Start of Block
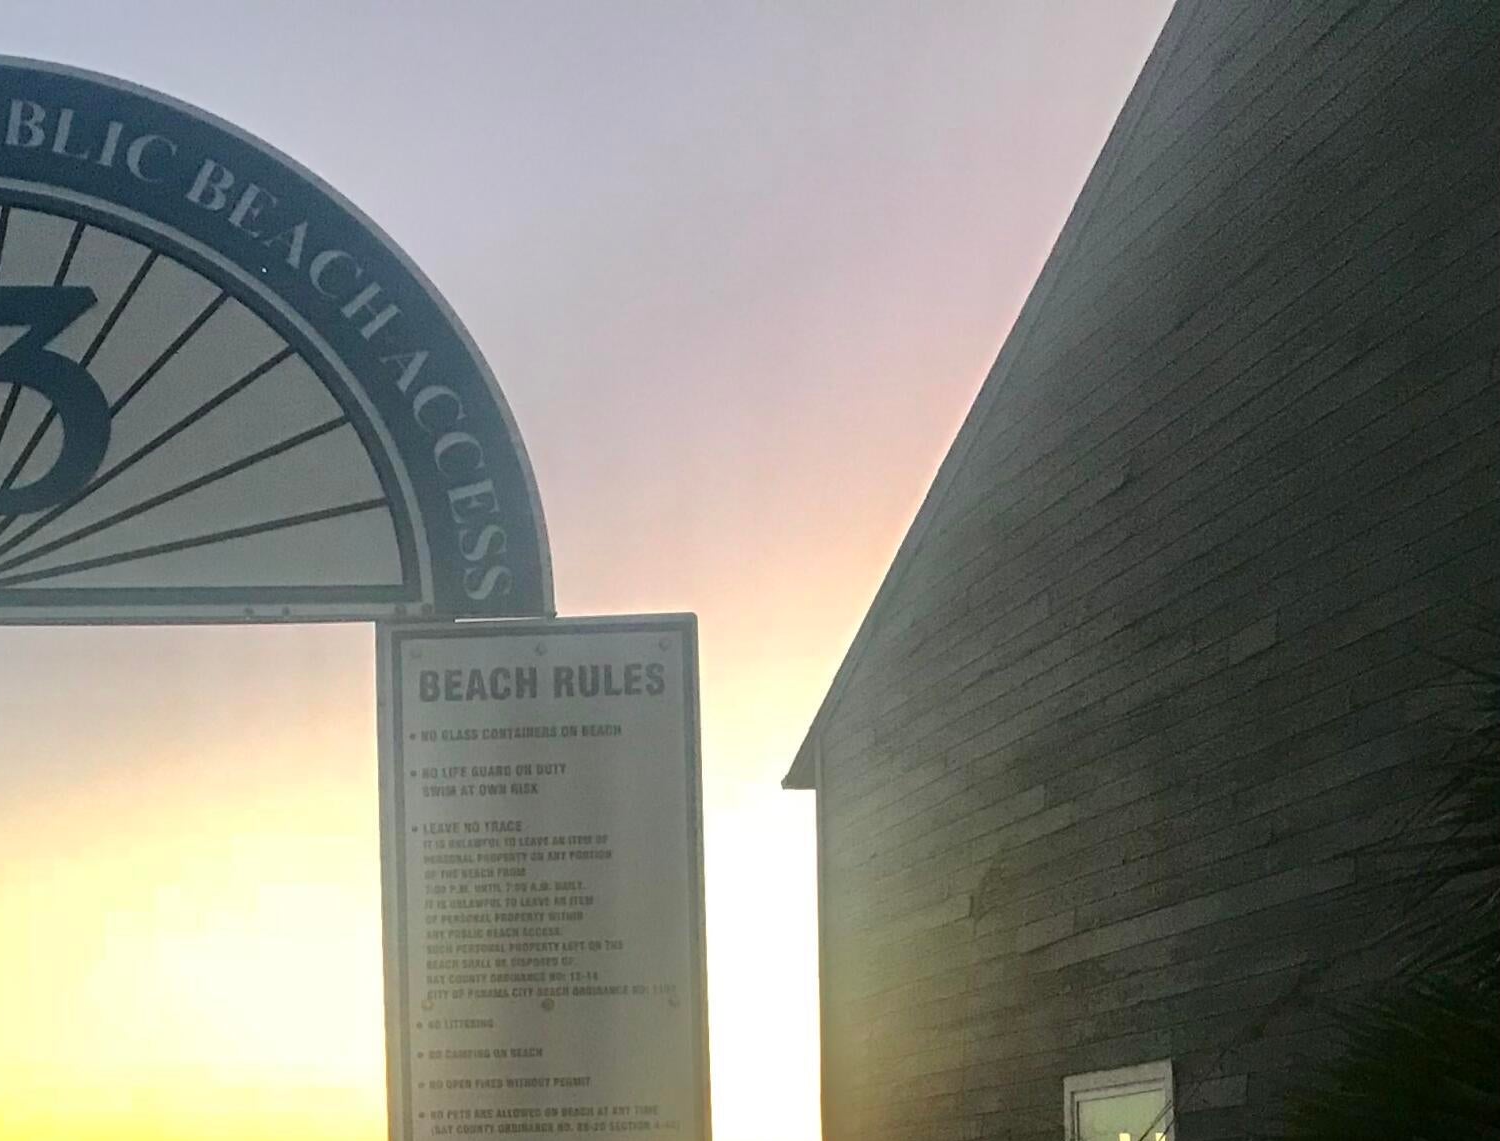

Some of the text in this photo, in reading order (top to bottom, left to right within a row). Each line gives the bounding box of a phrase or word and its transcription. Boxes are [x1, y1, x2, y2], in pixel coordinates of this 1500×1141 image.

[185, 157, 402, 342] BEACH
[380, 345, 514, 601] ACCESS
[420, 663, 665, 702] BEACH RULES
[421, 725, 621, 741] NO GLASS CONTAINERS ON BEACH
[422, 764, 566, 779] NO LIFE GUARD ON DUTY
[423, 783, 538, 797] SWIM AT OWN RISK
[423, 821, 522, 834] LEAVE NO TRACE
End of Block
**What you need to do**
Return the records above exactly as written, but without any of the pictures.

**Solution for this problem**
Some of the text in this photo, in reading order (top to bottom, left to right within a row). Each line gives the bounding box of a phrase or word and its transcription. Boxes are [x1, y1, x2, y2], in pixel coordinates of this 1500×1141 image.

[185, 157, 402, 342] BEACH
[380, 345, 514, 601] ACCESS
[420, 663, 665, 702] BEACH RULES
[421, 725, 621, 741] NO GLASS CONTAINERS ON BEACH
[422, 764, 566, 779] NO LIFE GUARD ON DUTY
[423, 783, 538, 797] SWIM AT OWN RISK
[423, 821, 522, 834] LEAVE NO TRACE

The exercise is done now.